Cholesterol reduces NK cell‐mediated cytotoxicity in vivo. (A) NSG mice were inoculated with siNC‐ or siSREBP2‐MGC803 or AGS cells. Mice with 5 × 5 mm tumors were adoptively transferred with or without NK‐92 cells (1 × 10⁶ cells) once every 3 days for three times. Tumor growth and survival analyses were performed (n = 6). (B) NSG mice were inoculated with MGC803 or AGS cells. Mice with 5 × 5 mm tumor size were adoptively transferred with NK cells (1 × 10⁶ cells) once every 3 days three times, followed by treatment with PBS or Simvastatin once every 3 days.

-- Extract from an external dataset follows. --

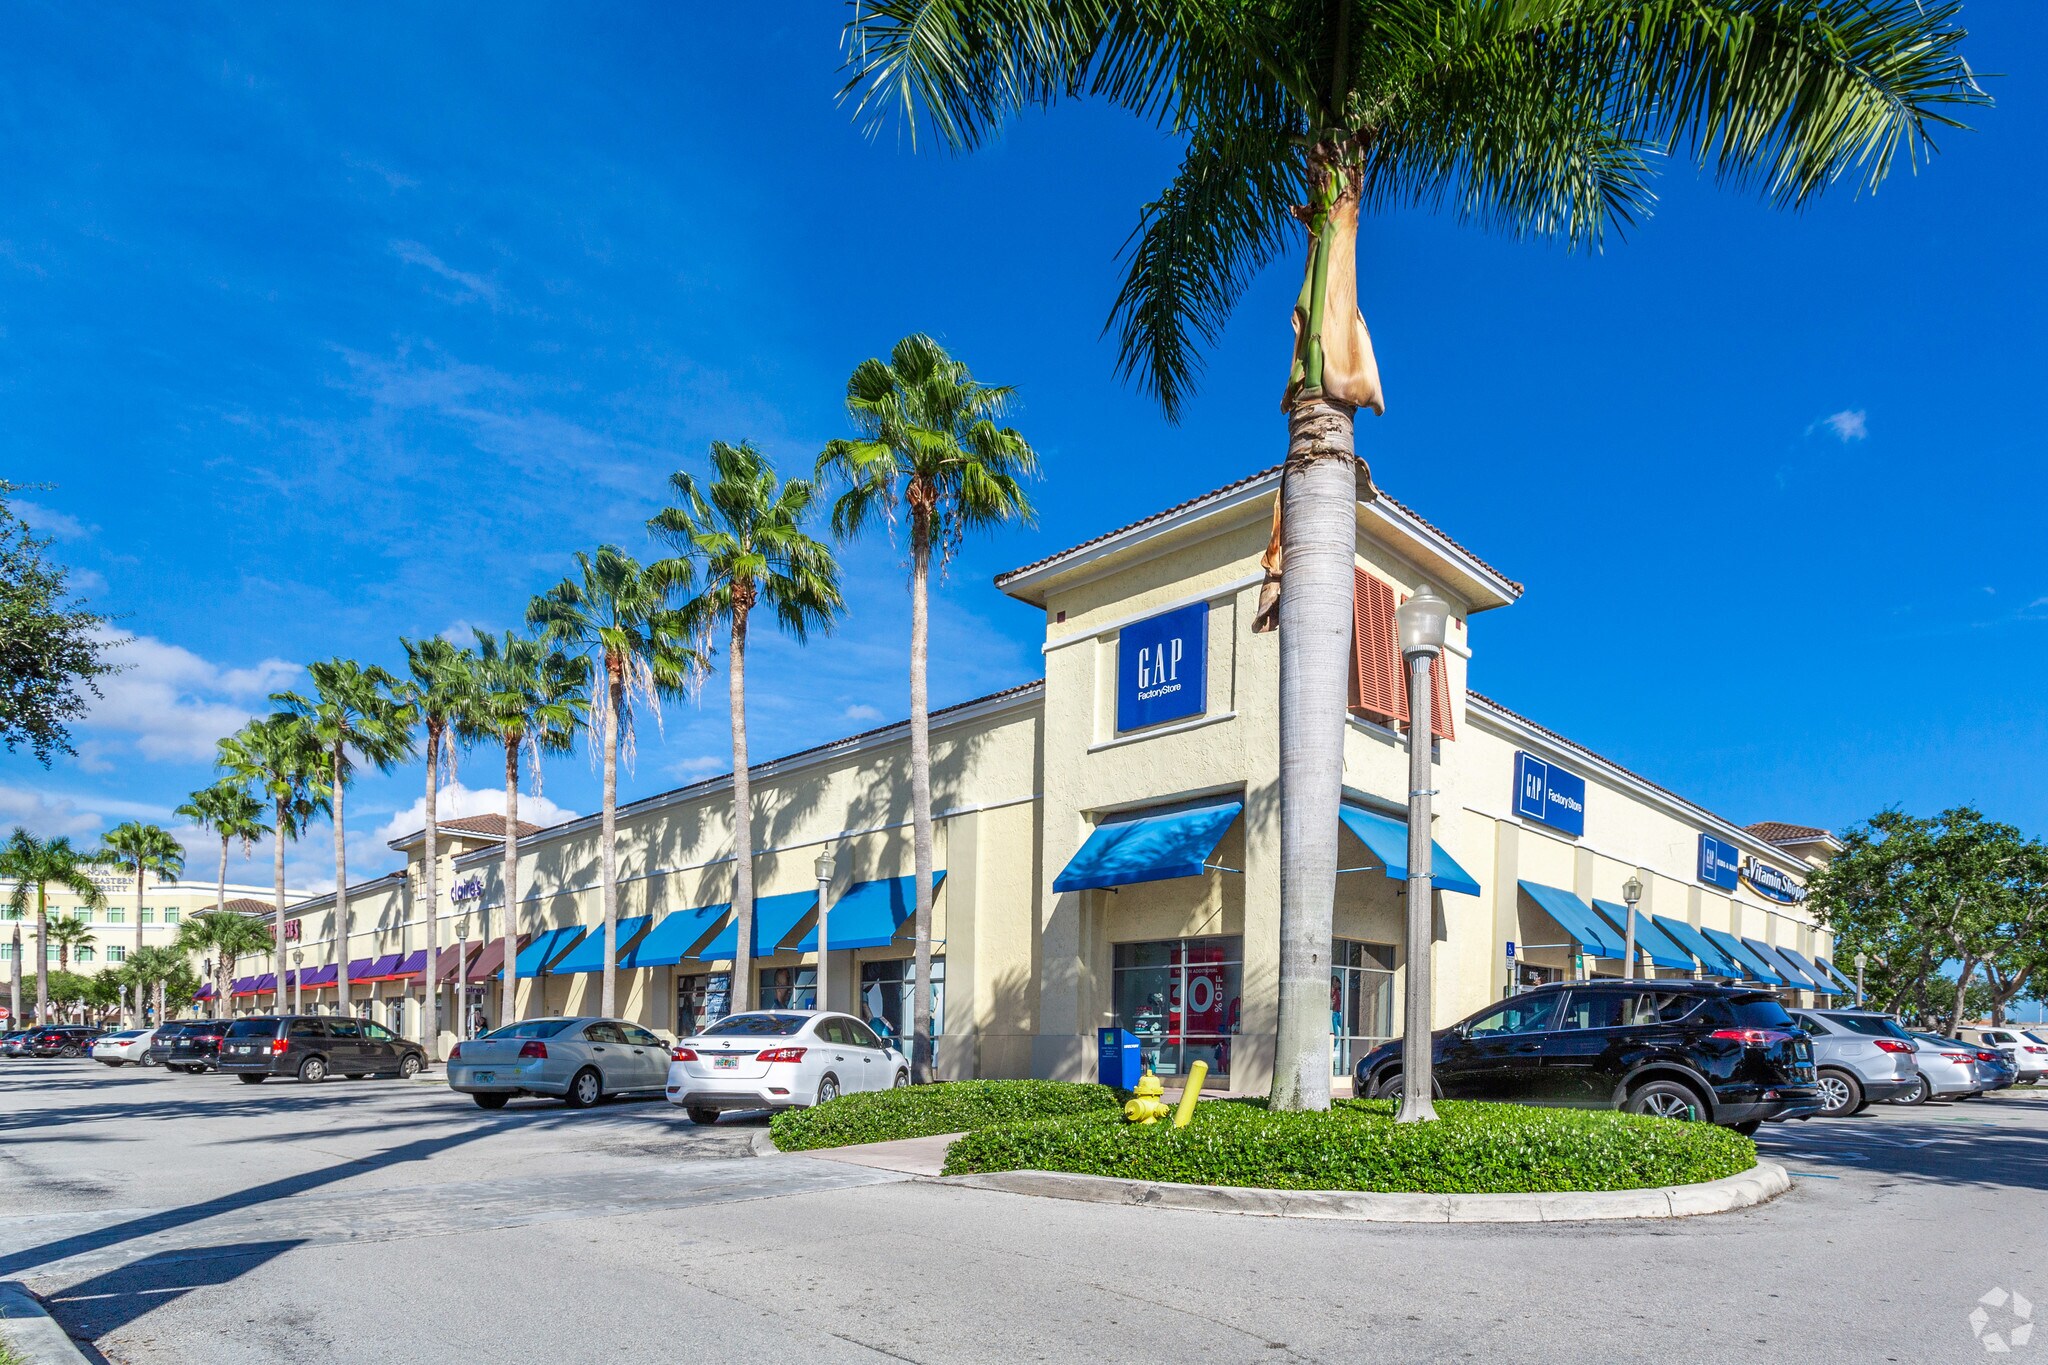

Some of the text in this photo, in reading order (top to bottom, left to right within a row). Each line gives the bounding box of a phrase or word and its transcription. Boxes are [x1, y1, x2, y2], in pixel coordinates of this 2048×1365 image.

[1138, 638, 1183, 688] GAP
[1526, 773, 1542, 801] GAP
[1749, 856, 1782, 891] Vitamin
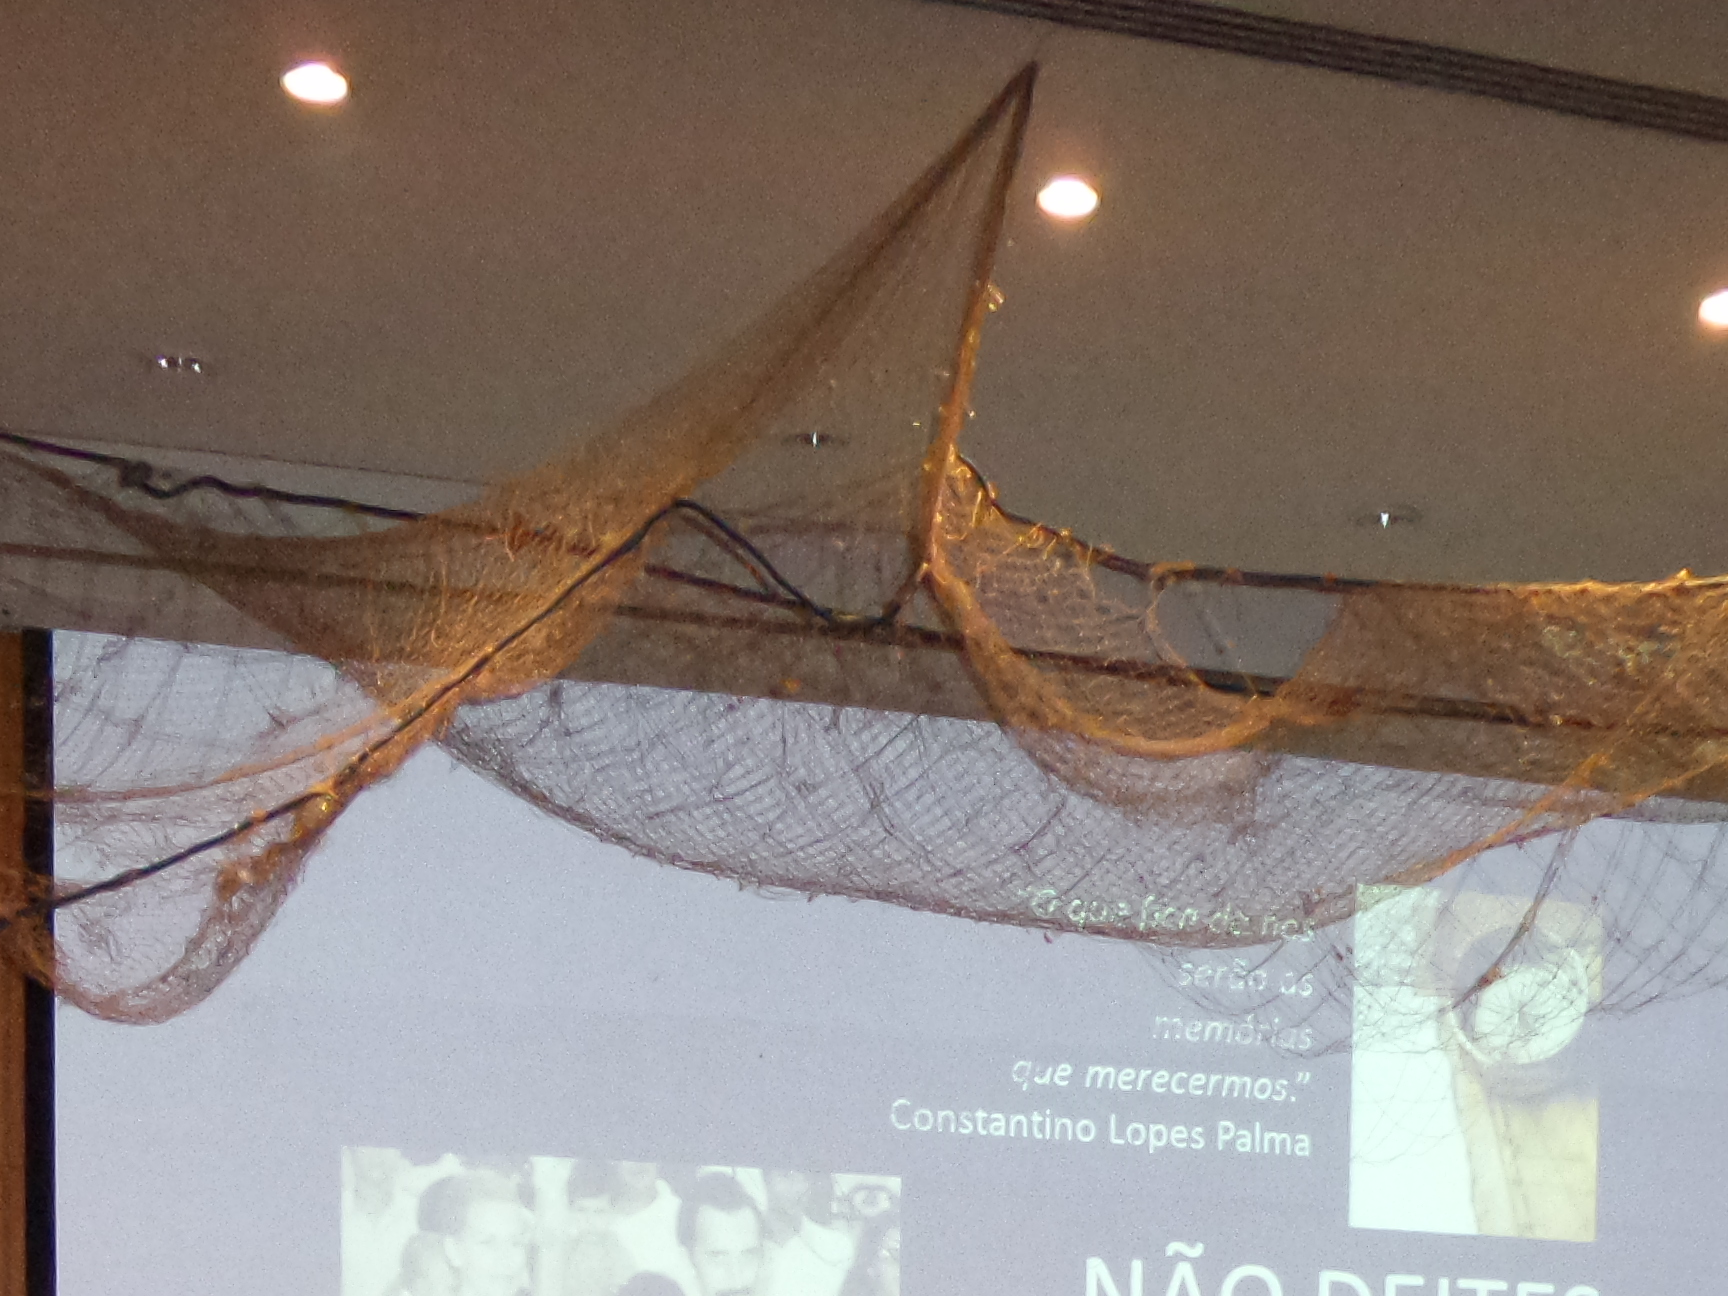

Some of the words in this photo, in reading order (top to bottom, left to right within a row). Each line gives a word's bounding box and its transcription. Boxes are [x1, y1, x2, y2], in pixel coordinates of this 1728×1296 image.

Tumor growth and survival analyses were performed (n = 6). (C) The experiment was the same as in (B), except that transferred NK cells were isolated from the tumors for flow cytometric analysis of the expression of CD107a. (D) Overall survival compared with SREBP2 levels in patients with gastric cancer. (C) or (F) n = 3 independent experiments. In (A), (B), n = 6 mice. Two‐tailed Student's t‐test (C) or one‐way analysis of variance (ANOVA), followed by Bonferroni's test (A, B) and log‐RANK (A, B, D). The data are presented as the mean ± SD. n.s no significant difference, *** represents P < 0.001, ns represents no significant difference.